* [What you need to do]:
Each record is to be reproduced verbatim.

Dataset records
* * * * * * * * *

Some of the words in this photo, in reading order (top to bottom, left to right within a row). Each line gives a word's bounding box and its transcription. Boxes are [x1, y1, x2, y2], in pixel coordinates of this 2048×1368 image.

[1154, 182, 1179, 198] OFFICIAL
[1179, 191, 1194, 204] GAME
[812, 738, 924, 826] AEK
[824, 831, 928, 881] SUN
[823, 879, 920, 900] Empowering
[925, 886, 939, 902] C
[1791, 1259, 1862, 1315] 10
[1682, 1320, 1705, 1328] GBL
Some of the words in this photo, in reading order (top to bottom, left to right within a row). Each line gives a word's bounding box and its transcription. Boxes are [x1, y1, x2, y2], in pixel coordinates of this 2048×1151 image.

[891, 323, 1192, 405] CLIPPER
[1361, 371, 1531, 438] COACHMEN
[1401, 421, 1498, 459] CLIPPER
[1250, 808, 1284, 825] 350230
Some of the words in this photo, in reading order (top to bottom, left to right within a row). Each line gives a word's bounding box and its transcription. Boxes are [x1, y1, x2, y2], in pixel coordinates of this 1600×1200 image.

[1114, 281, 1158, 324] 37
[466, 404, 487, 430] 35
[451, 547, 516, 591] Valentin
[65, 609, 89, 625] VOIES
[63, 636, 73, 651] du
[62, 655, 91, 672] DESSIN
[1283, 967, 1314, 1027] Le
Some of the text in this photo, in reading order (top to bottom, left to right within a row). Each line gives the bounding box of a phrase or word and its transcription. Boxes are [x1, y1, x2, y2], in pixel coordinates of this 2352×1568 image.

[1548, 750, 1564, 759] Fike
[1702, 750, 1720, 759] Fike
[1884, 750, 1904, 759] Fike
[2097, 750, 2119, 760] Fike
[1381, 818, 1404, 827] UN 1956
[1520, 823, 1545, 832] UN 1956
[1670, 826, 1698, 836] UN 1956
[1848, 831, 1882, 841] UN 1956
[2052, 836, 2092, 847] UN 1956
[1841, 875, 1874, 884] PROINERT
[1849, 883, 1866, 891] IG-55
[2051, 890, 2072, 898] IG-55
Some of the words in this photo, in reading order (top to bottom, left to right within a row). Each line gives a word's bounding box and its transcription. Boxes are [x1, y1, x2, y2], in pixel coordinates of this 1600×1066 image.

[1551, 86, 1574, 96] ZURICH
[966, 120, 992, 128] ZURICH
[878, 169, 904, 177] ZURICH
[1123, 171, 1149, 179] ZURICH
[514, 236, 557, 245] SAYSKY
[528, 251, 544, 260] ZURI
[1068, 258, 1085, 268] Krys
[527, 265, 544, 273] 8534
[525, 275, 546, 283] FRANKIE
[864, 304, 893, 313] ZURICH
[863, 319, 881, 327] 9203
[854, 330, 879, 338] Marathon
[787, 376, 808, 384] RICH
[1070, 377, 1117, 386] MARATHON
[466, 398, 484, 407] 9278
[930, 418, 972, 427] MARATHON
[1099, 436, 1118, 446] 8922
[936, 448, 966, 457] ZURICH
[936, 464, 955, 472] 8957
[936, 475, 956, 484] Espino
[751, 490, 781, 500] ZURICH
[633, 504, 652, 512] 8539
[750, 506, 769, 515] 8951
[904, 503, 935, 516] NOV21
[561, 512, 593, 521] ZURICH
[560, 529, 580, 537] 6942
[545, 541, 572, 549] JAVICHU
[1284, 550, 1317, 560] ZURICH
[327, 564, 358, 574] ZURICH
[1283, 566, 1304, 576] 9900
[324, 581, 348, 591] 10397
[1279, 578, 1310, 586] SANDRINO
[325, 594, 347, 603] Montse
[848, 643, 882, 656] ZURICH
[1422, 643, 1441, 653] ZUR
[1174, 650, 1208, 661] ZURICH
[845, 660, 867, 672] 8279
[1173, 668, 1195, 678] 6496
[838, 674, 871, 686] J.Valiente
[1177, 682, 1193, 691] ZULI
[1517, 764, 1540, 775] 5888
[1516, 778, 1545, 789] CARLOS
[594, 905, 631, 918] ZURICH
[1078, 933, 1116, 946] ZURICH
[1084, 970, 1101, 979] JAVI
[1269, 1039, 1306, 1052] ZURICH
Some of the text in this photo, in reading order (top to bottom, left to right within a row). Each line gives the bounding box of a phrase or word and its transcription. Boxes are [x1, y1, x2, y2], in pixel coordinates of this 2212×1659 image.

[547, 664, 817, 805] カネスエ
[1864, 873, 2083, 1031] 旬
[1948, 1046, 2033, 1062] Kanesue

* * * * * * * * *

* [Reply to the exercise]:
Some of the words in this photo, in reading order (top to bottom, left to right within a row). Each line gives a word's bounding box and its transcription. Boxes are [x1, y1, x2, y2], in pixel coordinates of this 2048×1368 image.

[1154, 182, 1179, 198] OFFICIAL
[1179, 191, 1194, 204] GAME
[812, 738, 924, 826] AEK
[824, 831, 928, 881] SUN
[823, 879, 920, 900] Empowering
[925, 886, 939, 902] C
[1791, 1259, 1862, 1315] 10
[1682, 1320, 1705, 1328] GBL
Some of the words in this photo, in reading order (top to bottom, left to right within a row). Each line gives a word's bounding box and its transcription. Boxes are [x1, y1, x2, y2], in pixel coordinates of this 2048×1151 image.

[891, 323, 1192, 405] CLIPPER
[1361, 371, 1531, 438] COACHMEN
[1401, 421, 1498, 459] CLIPPER
[1250, 808, 1284, 825] 350230
Some of the words in this photo, in reading order (top to bottom, left to right within a row). Each line gives a word's bounding box and its transcription. Boxes are [x1, y1, x2, y2], in pixel coordinates of this 1600×1200 image.

[1114, 281, 1158, 324] 37
[466, 404, 487, 430] 35
[451, 547, 516, 591] Valentin
[65, 609, 89, 625] VOIES
[63, 636, 73, 651] du
[62, 655, 91, 672] DESSIN
[1283, 967, 1314, 1027] Le
Some of the text in this photo, in reading order (top to bottom, left to right within a row). Each line gives the bounding box of a phrase or word and its transcription. Boxes are [x1, y1, x2, y2], in pixel coordinates of this 2352×1568 image.

[1548, 750, 1564, 759] Fike
[1702, 750, 1720, 759] Fike
[1884, 750, 1904, 759] Fike
[2097, 750, 2119, 760] Fike
[1381, 818, 1404, 827] UN 1956
[1520, 823, 1545, 832] UN 1956
[1670, 826, 1698, 836] UN 1956
[1848, 831, 1882, 841] UN 1956
[2052, 836, 2092, 847] UN 1956
[1841, 875, 1874, 884] PROINERT
[1849, 883, 1866, 891] IG-55
[2051, 890, 2072, 898] IG-55
Some of the words in this photo, in reading order (top to bottom, left to right within a row). Each line gives a word's bounding box and its transcription. Boxes are [x1, y1, x2, y2], in pixel coordinates of this 1600×1066 image.

[1551, 86, 1574, 96] ZURICH
[966, 120, 992, 128] ZURICH
[878, 169, 904, 177] ZURICH
[1123, 171, 1149, 179] ZURICH
[514, 236, 557, 245] SAYSKY
[528, 251, 544, 260] ZURI
[1068, 258, 1085, 268] Krys
[527, 265, 544, 273] 8534
[525, 275, 546, 283] FRANKIE
[864, 304, 893, 313] ZURICH
[863, 319, 881, 327] 9203
[854, 330, 879, 338] Marathon
[787, 376, 808, 384] RICH
[1070, 377, 1117, 386] MARATHON
[466, 398, 484, 407] 9278
[930, 418, 972, 427] MARATHON
[1099, 436, 1118, 446] 8922
[936, 448, 966, 457] ZURICH
[936, 464, 955, 472] 8957
[936, 475, 956, 484] Espino
[751, 490, 781, 500] ZURICH
[633, 504, 652, 512] 8539
[750, 506, 769, 515] 8951
[904, 503, 935, 516] NOV21
[561, 512, 593, 521] ZURICH
[560, 529, 580, 537] 6942
[545, 541, 572, 549] JAVICHU
[1284, 550, 1317, 560] ZURICH
[327, 564, 358, 574] ZURICH
[1283, 566, 1304, 576] 9900
[324, 581, 348, 591] 10397
[1279, 578, 1310, 586] SANDRINO
[325, 594, 347, 603] Montse
[848, 643, 882, 656] ZURICH
[1422, 643, 1441, 653] ZUR
[1174, 650, 1208, 661] ZURICH
[845, 660, 867, 672] 8279
[1173, 668, 1195, 678] 6496
[838, 674, 871, 686] J.Valiente
[1177, 682, 1193, 691] ZULI
[1517, 764, 1540, 775] 5888
[1516, 778, 1545, 789] CARLOS
[594, 905, 631, 918] ZURICH
[1078, 933, 1116, 946] ZURICH
[1084, 970, 1101, 979] JAVI
[1269, 1039, 1306, 1052] ZURICH
Some of the text in this photo, in reading order (top to bottom, left to right within a row). Each line gives the bounding box of a phrase or word and its transcription. Boxes are [x1, y1, x2, y2], in pixel coordinates of this 2212×1659 image.

[547, 664, 817, 805] カネスエ
[1864, 873, 2083, 1031] 旬
[1948, 1046, 2033, 1062] Kanesue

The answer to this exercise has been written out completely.